* PROBLEM:
Transcribe each record exactly. Omit the pictures.

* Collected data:
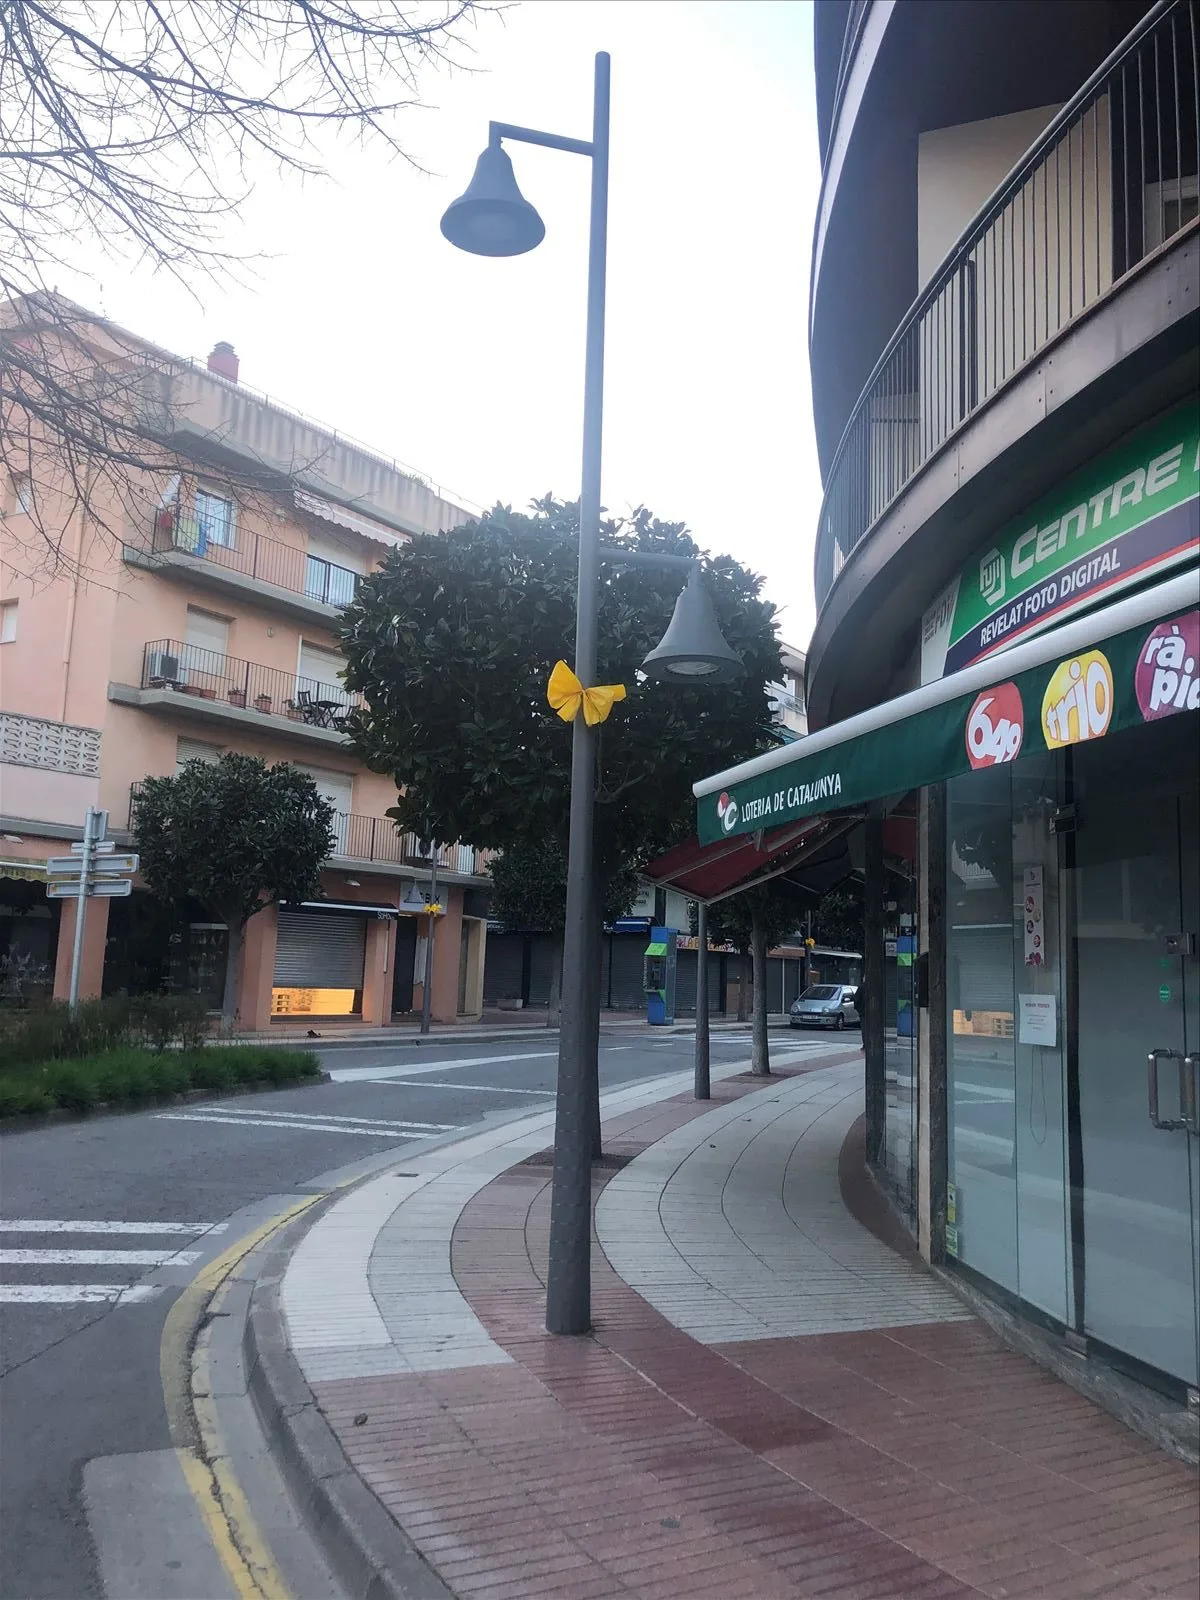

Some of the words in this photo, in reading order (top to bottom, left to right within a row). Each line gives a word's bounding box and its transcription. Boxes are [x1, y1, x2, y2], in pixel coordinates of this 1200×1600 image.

[980, 601, 1023, 648] REVELAT
[1024, 582, 1058, 619] FOTO
[1060, 548, 1121, 598] DIGITAL
[1046, 660, 1111, 742] trio
[741, 795, 772, 823] LOTERIA
[774, 790, 785, 812] DE
[787, 773, 842, 808] CATALUNYA
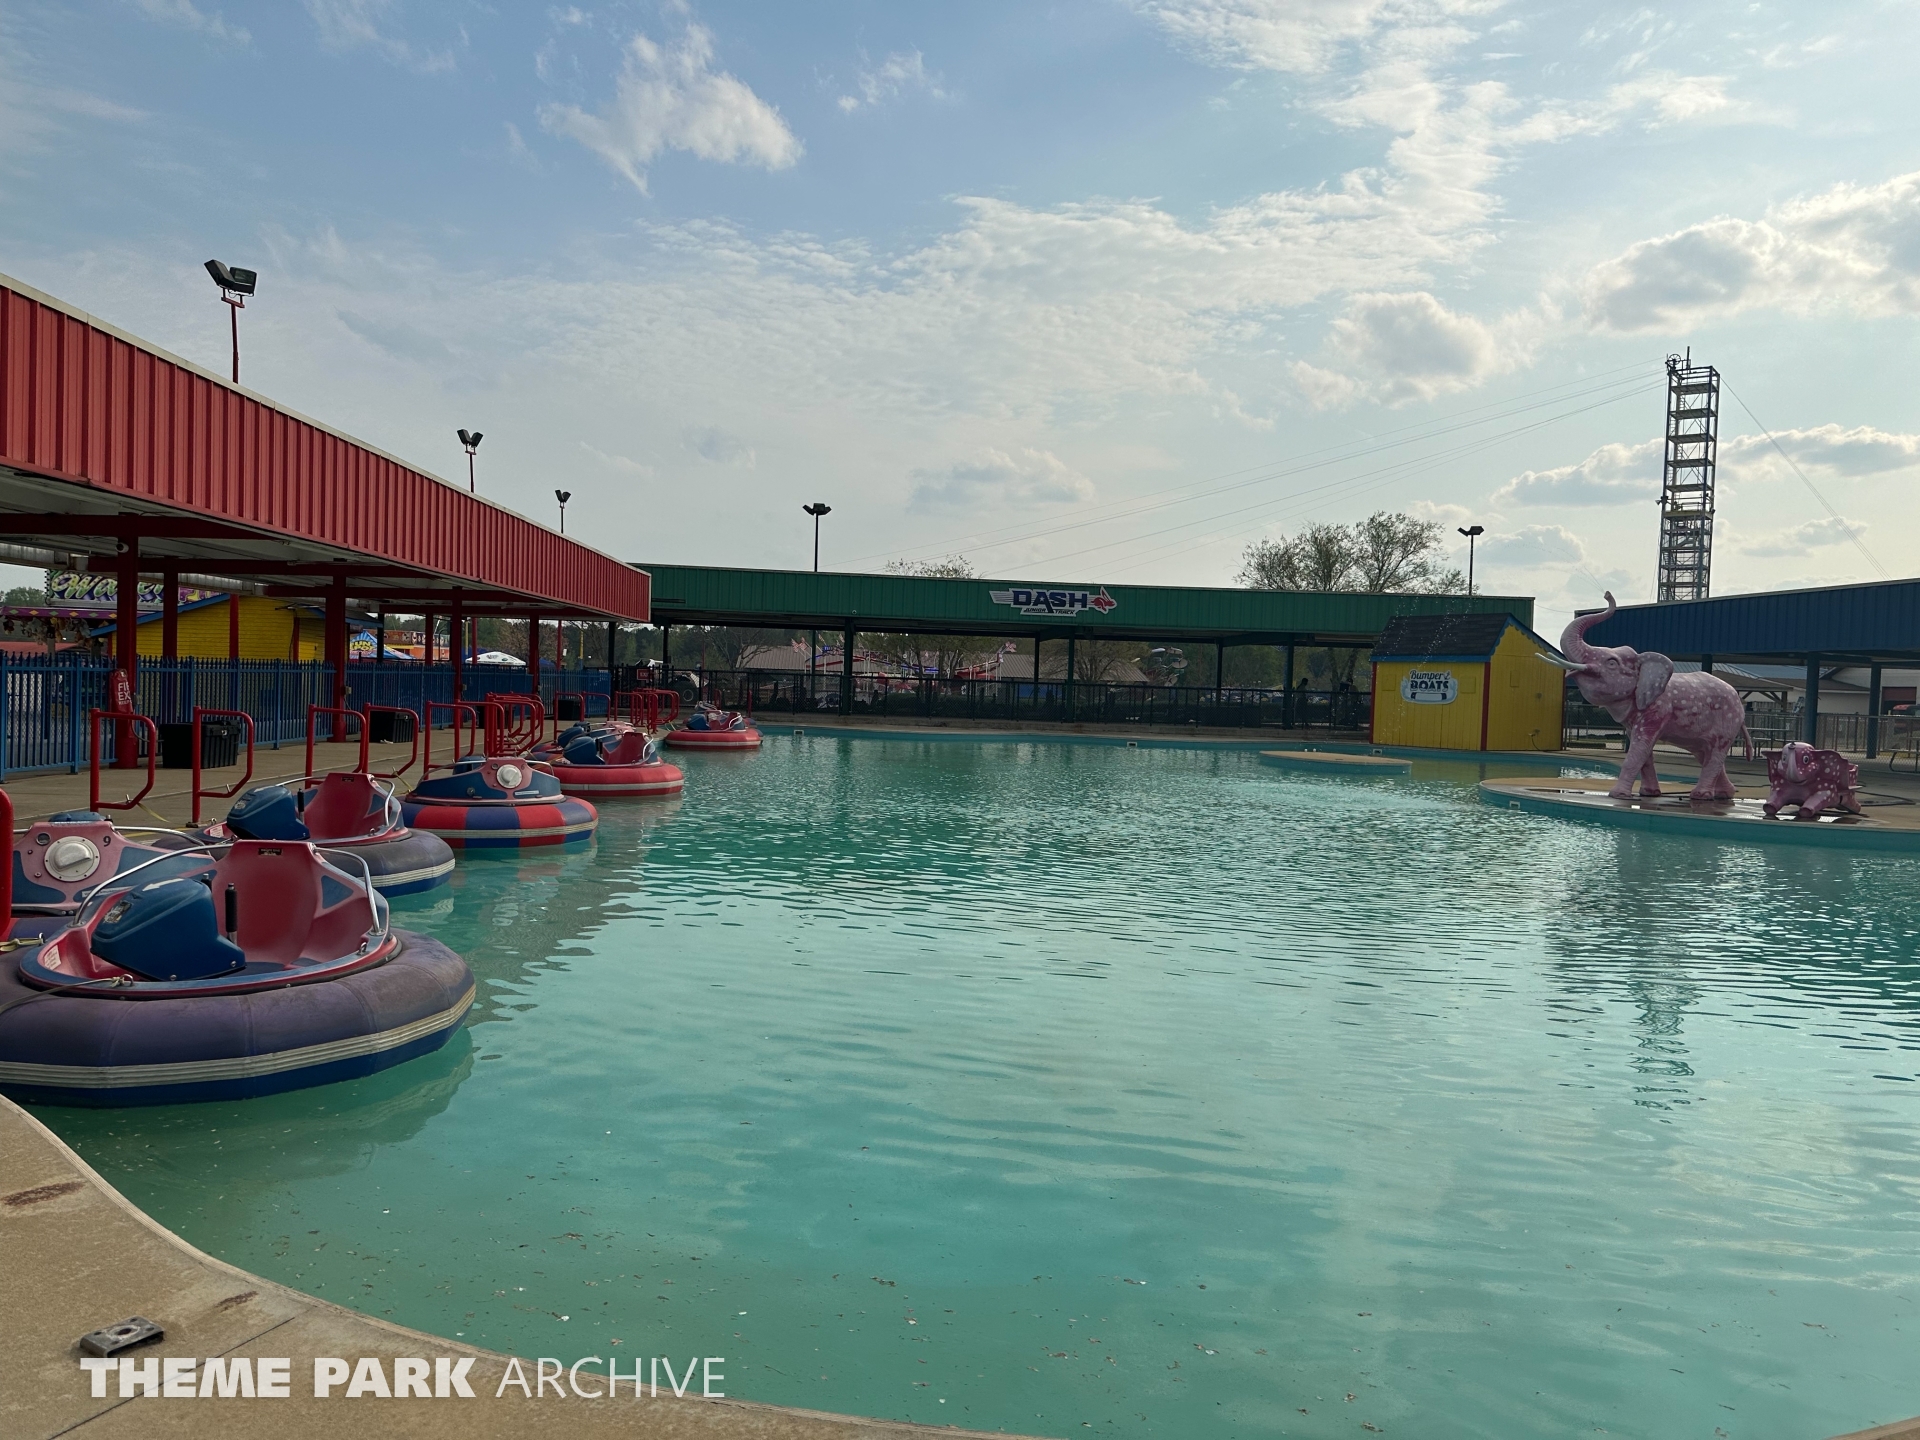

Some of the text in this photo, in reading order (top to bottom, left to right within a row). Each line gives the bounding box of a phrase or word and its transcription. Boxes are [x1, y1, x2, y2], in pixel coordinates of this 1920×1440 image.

[1012, 590, 1088, 613] DASH
[1410, 670, 1445, 682] Bumper
[1410, 680, 1449, 691] BOATS
[103, 835, 111, 847] 9

* YOUR RESPONSE:
Some of the words in this photo, in reading order (top to bottom, left to right within a row). Each line gives a word's bounding box and its transcription. Boxes are [x1, y1, x2, y2], in pixel coordinates of this 1200×1600 image.

[980, 601, 1023, 648] REVELAT
[1024, 582, 1058, 619] FOTO
[1060, 548, 1121, 598] DIGITAL
[1046, 660, 1111, 742] trio
[741, 795, 772, 823] LOTERIA
[774, 790, 785, 812] DE
[787, 773, 842, 808] CATALUNYA

Some of the text in this photo, in reading order (top to bottom, left to right within a row). Each line gives the bounding box of a phrase or word and its transcription. Boxes are [x1, y1, x2, y2], in pixel coordinates of this 1920×1440 image.

[1012, 590, 1088, 613] DASH
[1410, 670, 1445, 682] Bumper
[1410, 680, 1449, 691] BOATS
[103, 835, 111, 847] 9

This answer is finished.